Just a follow-up: the ValueError problem is resolved after a system reboot (have no idea why - perhaps it is cuda related because pytorch failed to detect cuda before the reboot).

The visualisation issue persists though - could the model be (falsely?) recognising content_ann rather than content_ann2? I looked into the json files in the demo/text_layout/datalist/DocBank/Annos folder, and it seems that the visualised content here is similar to the bboxes described in content_ann instead of the more coarse content_ann2. If helpful, I am executing with the trained model downloaded per your instruction at https://one.hikvision.com/#/link/76YItjTJkFNFMC0VNEK9; the model is named docbank_x101-eb65a9b1.pth.

volcano1995 commented 2 years ago

Hi, Thank you for your attention to our work. Indeed, our visualization is for content_ann. Since VSR uses multi-modal features, the annotations in content_ann actually provide token-level annotations, which are then used to extract semantic features, while content_ann2 is layout-level ground-truth annotations , you can download the model in link provided by us for training.

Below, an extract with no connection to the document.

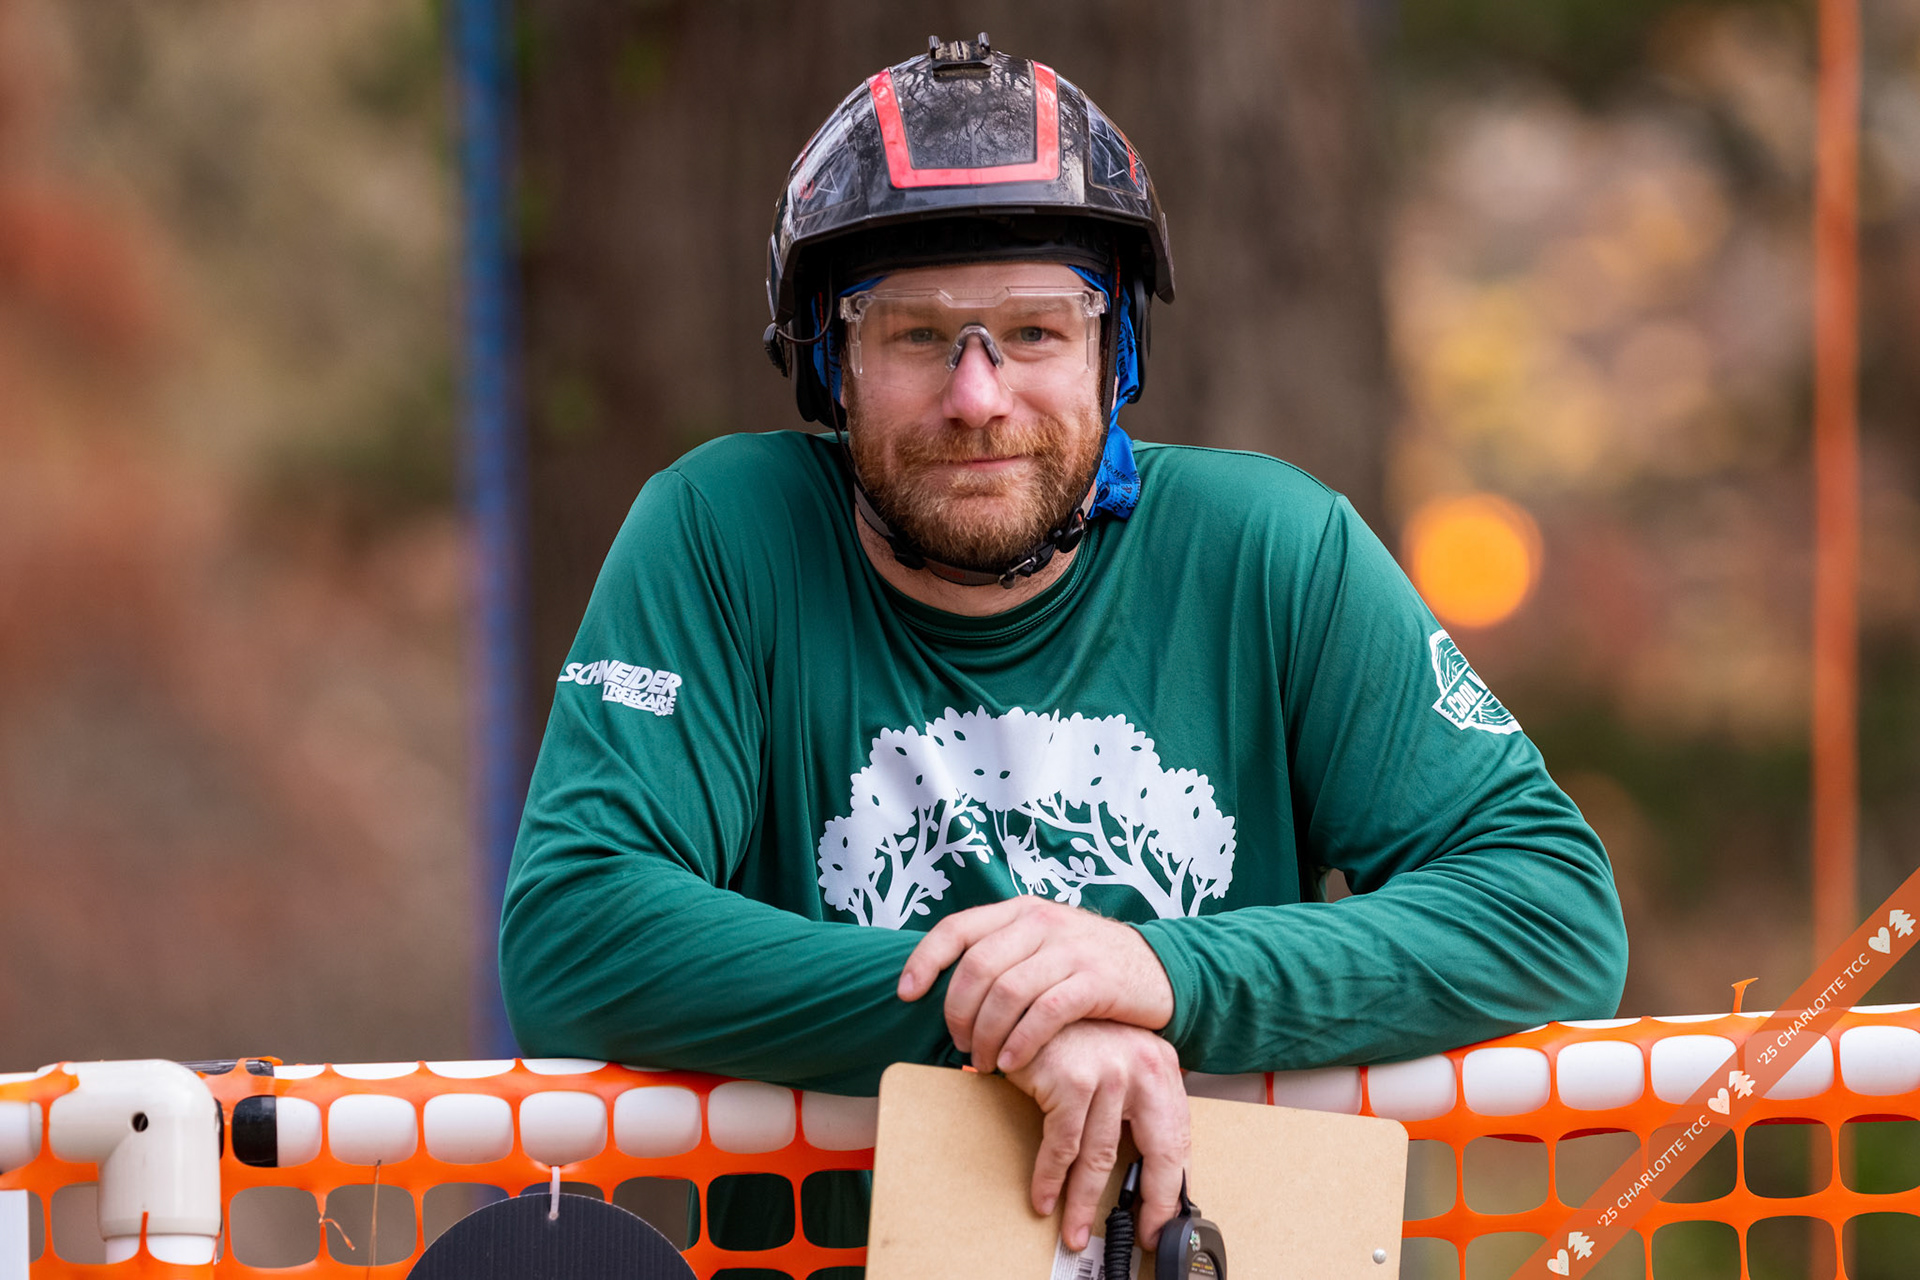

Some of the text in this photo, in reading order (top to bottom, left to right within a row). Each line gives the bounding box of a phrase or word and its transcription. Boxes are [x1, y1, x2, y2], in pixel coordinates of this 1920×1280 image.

cs-yeung76 commented 2 years ago

Hi @volcano1995 , thank you for your respond! May I ask if it is feasible to perform layout-level inference with DocBank dataset? DocBank has more labels than PubLayNet, and some of which are desirable in my research (e.g. captions). If the current model docbank_x101-eb65a9b1.pth downloaded from your link can only perform token-level visualisation, do you provide another version that infer layouts rather than tokens for DocBank dataset?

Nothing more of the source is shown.